For the past two years, manufacturers and retailers haven’t invested much in consumer advertising to drive that type of investment. Why would they? They simply didn’t have the inventory and were selling everything at exceptionally high profit margins.
In the new environment, marketing must pivot. Here are four recessionary marketing strategies to consider.
First, sales teams must sell again. They need to change their mindset and start hustling to avoid inventory overload. Invest time on sales solutions. Develop a cohesive sales and marketing plan. The sooner, the better.
Second, think about consignments. A ton of first-time boat owners are going to decide whether to stay in boating. I hope we’ve shown them why boating is a great investment, but a percentage who bought during the pandemic will be ready to shut down the engine. Retailers should stay closely engaged with these customers and offer an easy consignment gateway. We don’t want the preowned market flooded with late-model boats being dumped directly by owners, a situation that could severely dampen new-boat sales.
Many owners who bought high may be upside-down on their financing and will need help navigating the sales process. Have a strategy to manage this scenario.
Third, consider selling to current customers. Personally, when thinking about big-ticket vehicle purchases the past few years, I have bided my time. I’m in the market, but there’s been no compelling reason for me to buy, with plenty of reasons to wait. I believe there are many existing boat owners like me: They’ve continued to enjoy boating with their current ride and have been patiently waiting for the economic turbulence to die down. Now is the perfect time to engage with this type of customer, sending a personal message about why this is the best time to buy. Don’t slash prices and discount, which devalues the product; instead, find other incentives to help customers rationalize their purchase. Consider extended or special service programs, guaranteed trade or buyback options, attractive option packages, or holding current-year pricing on new-model boats.
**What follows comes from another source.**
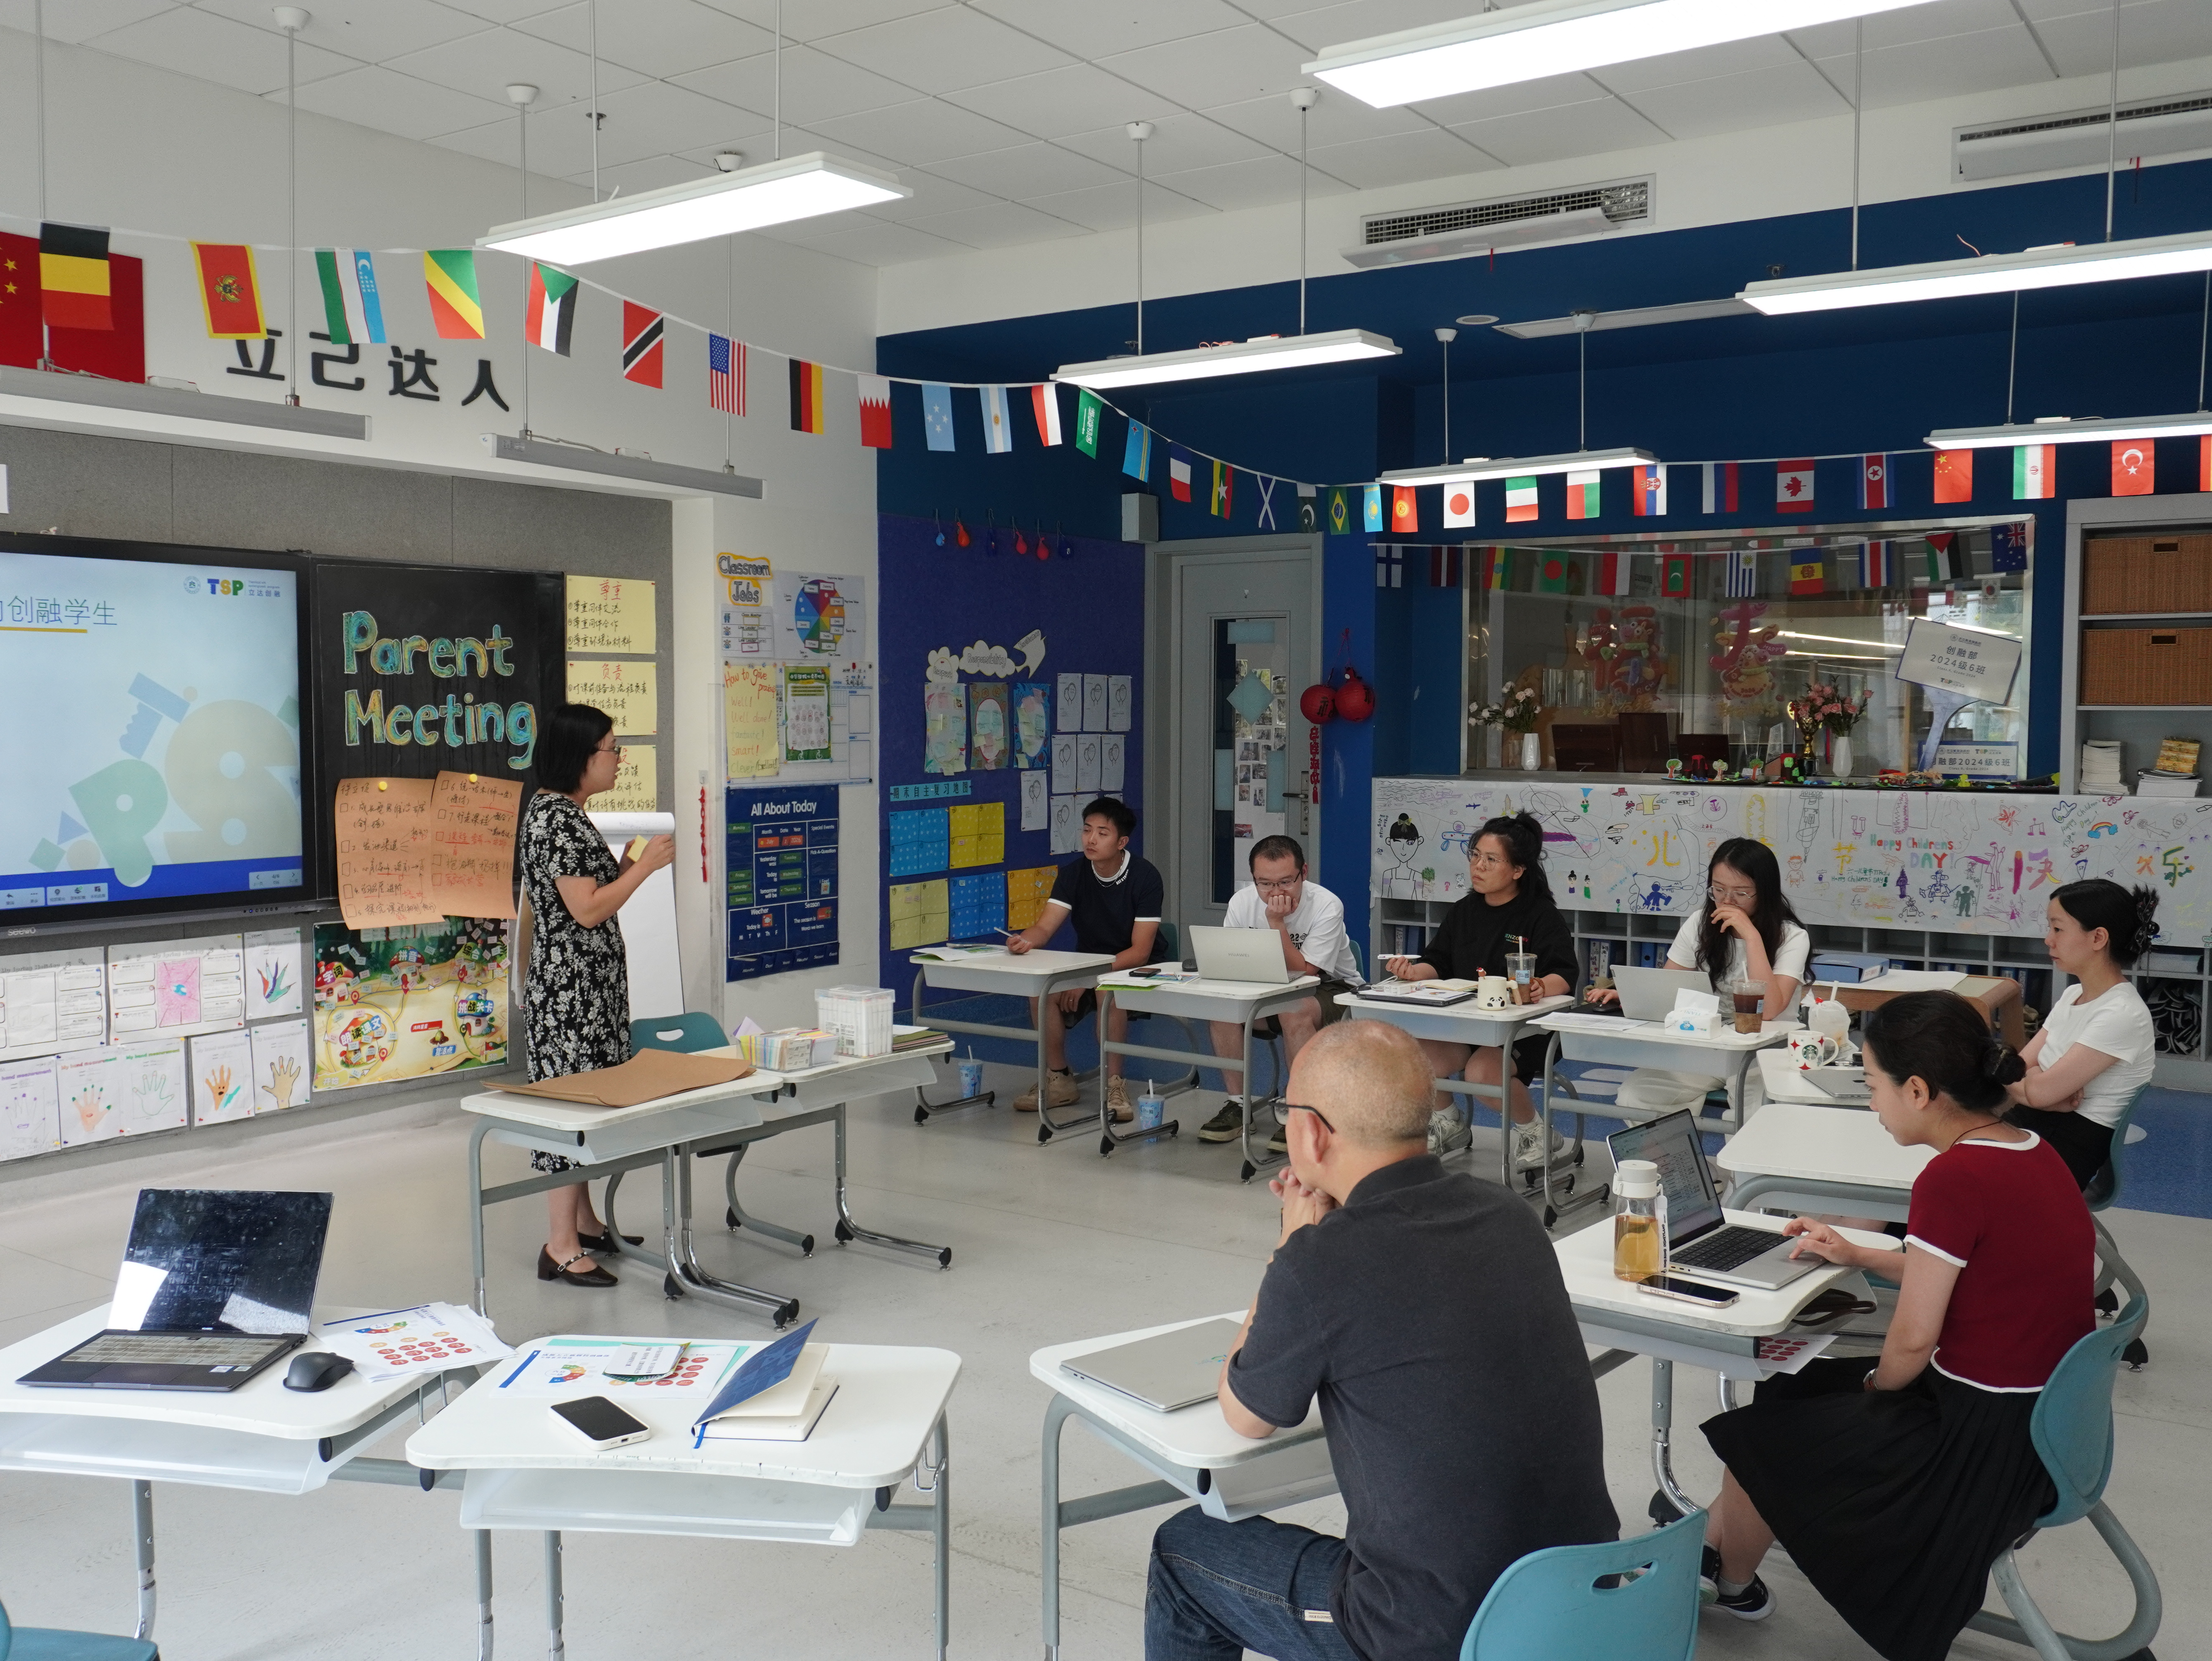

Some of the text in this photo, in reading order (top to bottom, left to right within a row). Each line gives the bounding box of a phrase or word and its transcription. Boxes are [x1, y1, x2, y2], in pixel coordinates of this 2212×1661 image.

Last, look into targeted marketing outreach. It’s relatively inexpensive to conduct digital marketing campaigns. Get your messaging and offers out there while consumers are still spending. Invest time to craft your messaging so it will resonate in these precarious times. Analyze your media key performance indicators, and focus your advertising investment with channels and platforms that have delivered the best return.
What’s happening with the economy is a marketing mayday. Now is the time to pivot in your marketing strategy and take control of your destiny.